The air in the cemetery was cold—but not bitter. A soft breeze rustled the trees, threading through the gravestones and bringing with it the scent of moist earth and fallen leaves. The kind of silence that only existed in places where time stood still enveloped the grounds.

Menma sat down beneath the shade of a slender tree, not far from the teenager he had just handed a lunch box to. He had started untying the rope and unwrapping the cloth that covered his food when he noticed the boy was still standing there—staring blankly at him, as if lost in a fog of old memories.

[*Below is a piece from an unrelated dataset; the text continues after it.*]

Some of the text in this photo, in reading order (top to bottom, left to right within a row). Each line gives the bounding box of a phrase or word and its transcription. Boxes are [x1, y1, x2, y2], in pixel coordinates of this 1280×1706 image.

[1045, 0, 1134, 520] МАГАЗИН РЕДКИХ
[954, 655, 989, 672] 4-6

"Hm? Don't you want to share a meal with someone? Or are you too embarrassed?" Menma asked lightly, not looking up as he continued his slow unwrapping.

The haziness in the boy's eyes cleared slightly. After a small shuffle and an awkward scratch of his neck, he sat down beside Menma, his voice soft, nearly drowned out by the wind.

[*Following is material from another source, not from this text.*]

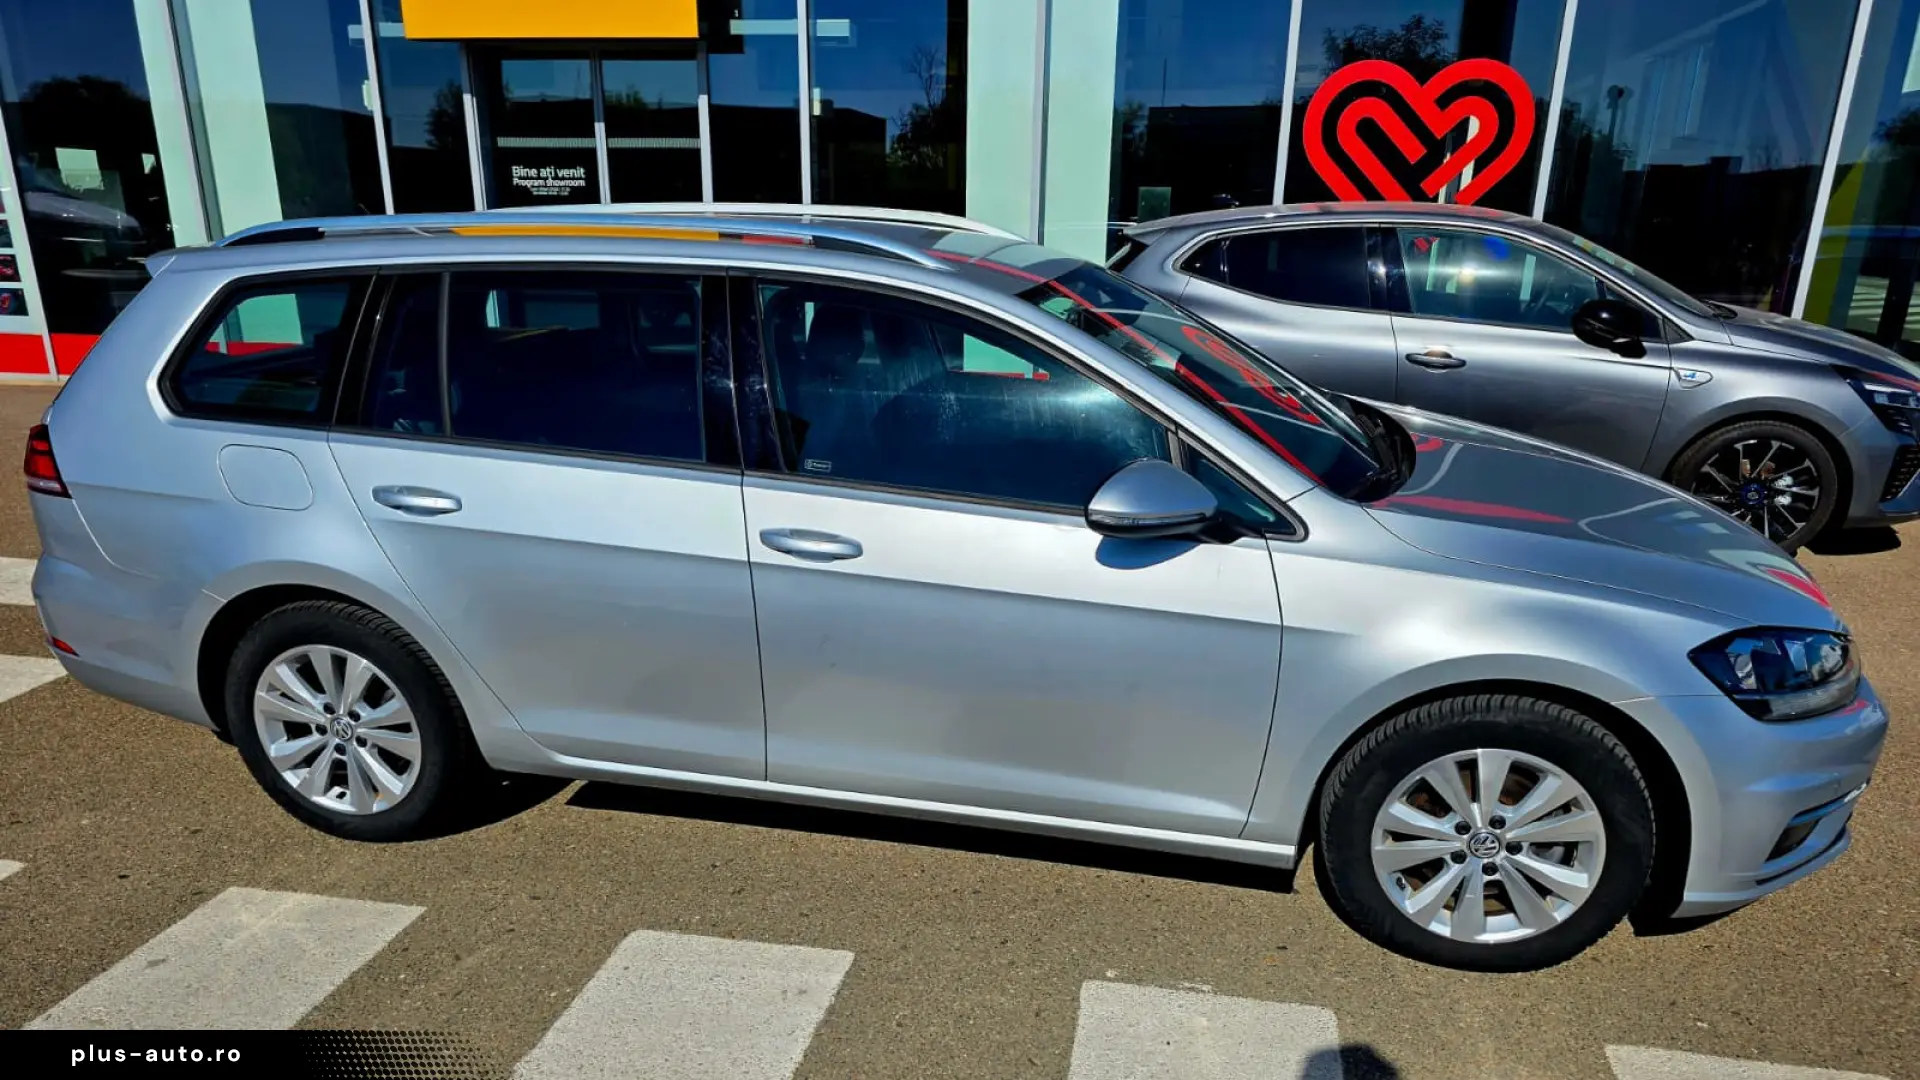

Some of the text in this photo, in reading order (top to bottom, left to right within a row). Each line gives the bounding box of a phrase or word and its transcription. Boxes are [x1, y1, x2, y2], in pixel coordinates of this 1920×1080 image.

[511, 165, 538, 177] Bine
[556, 166, 586, 178] venit
[512, 178, 586, 188] Program showroom

"Um… thank you. I didn't think anyone would offer to share lunch with me here. I haven't eaten beside my parents in a long time…"

At that, Menma paused.

The rustle of grass and the creak of wind-tossed trees filled the silence between them.

He slowly turned to glance at the two gravestones standing next to the boy. The names weren't ones he recognized, but from the tenderness in the boy's voice and the ache in his aura, he didn't need to guess. They were his parents.

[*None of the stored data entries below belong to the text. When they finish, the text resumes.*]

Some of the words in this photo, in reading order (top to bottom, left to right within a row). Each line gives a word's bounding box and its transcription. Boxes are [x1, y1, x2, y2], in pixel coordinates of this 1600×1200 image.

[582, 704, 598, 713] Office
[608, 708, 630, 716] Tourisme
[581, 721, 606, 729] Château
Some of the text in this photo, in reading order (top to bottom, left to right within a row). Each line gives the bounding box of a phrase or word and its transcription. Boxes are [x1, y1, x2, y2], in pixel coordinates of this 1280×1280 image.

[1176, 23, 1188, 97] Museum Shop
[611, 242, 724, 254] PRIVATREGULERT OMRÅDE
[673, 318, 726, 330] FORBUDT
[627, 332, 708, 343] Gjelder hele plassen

"You must have loved them a lot, didn't you?" Menma asked.

The boy blinked, as though waking from a dream. His expression softened, and the distant shine of tears welled up in his eyes.

"My father… he was the person I admired most. I always wanted to be like him. And my mother…" His voice faltered. "She always smiled at me. She made me believe I could take the next step no matter how scared I was."

His voice dropped to a whisper.

"But after the night two years ago… all of that was gone. Her smile… at the moment she died… it's the only memory I still have."

Tears began to stream down his cheeks. Quietly at first, but they soon fell like rain. Menma's expression didn't change. He simply closed his lunch box again, set it to the side, and gently moved forward.

Without hesitation, he wrapped his arms around the crying boy.

The boy stiffened, surprised—but he didn't pull away. And as the weight of his grief pressed down on him, he surrendered, burying his face in the shoulder of someone years younger, crying like a child who had finally found someone willing to listen.

Menma didn't say a word. He simply held him, steady and warm.

He thought, as the boy cried, about the mother he had never known, and the father whose identity he still didn't understand. Maybe… maybe they were buried here too. Maybe one day he could come back, search the stones for an Uzumaki name from around the same date. Maybe, then, he could finally learn who he really was.

While one boy wept in his grief and another dreamed of answers, Snow sat alert in Menma's lap, her white ears twitching. Her tail flicked with unease. Something was watching them—lurking in the treeline beyond. But she wouldn't leave her big cat's side. He might look fine, but she knew better. Sometimes he became something else. A dog. A monster. She hated when that happened. She would stay close, just in case.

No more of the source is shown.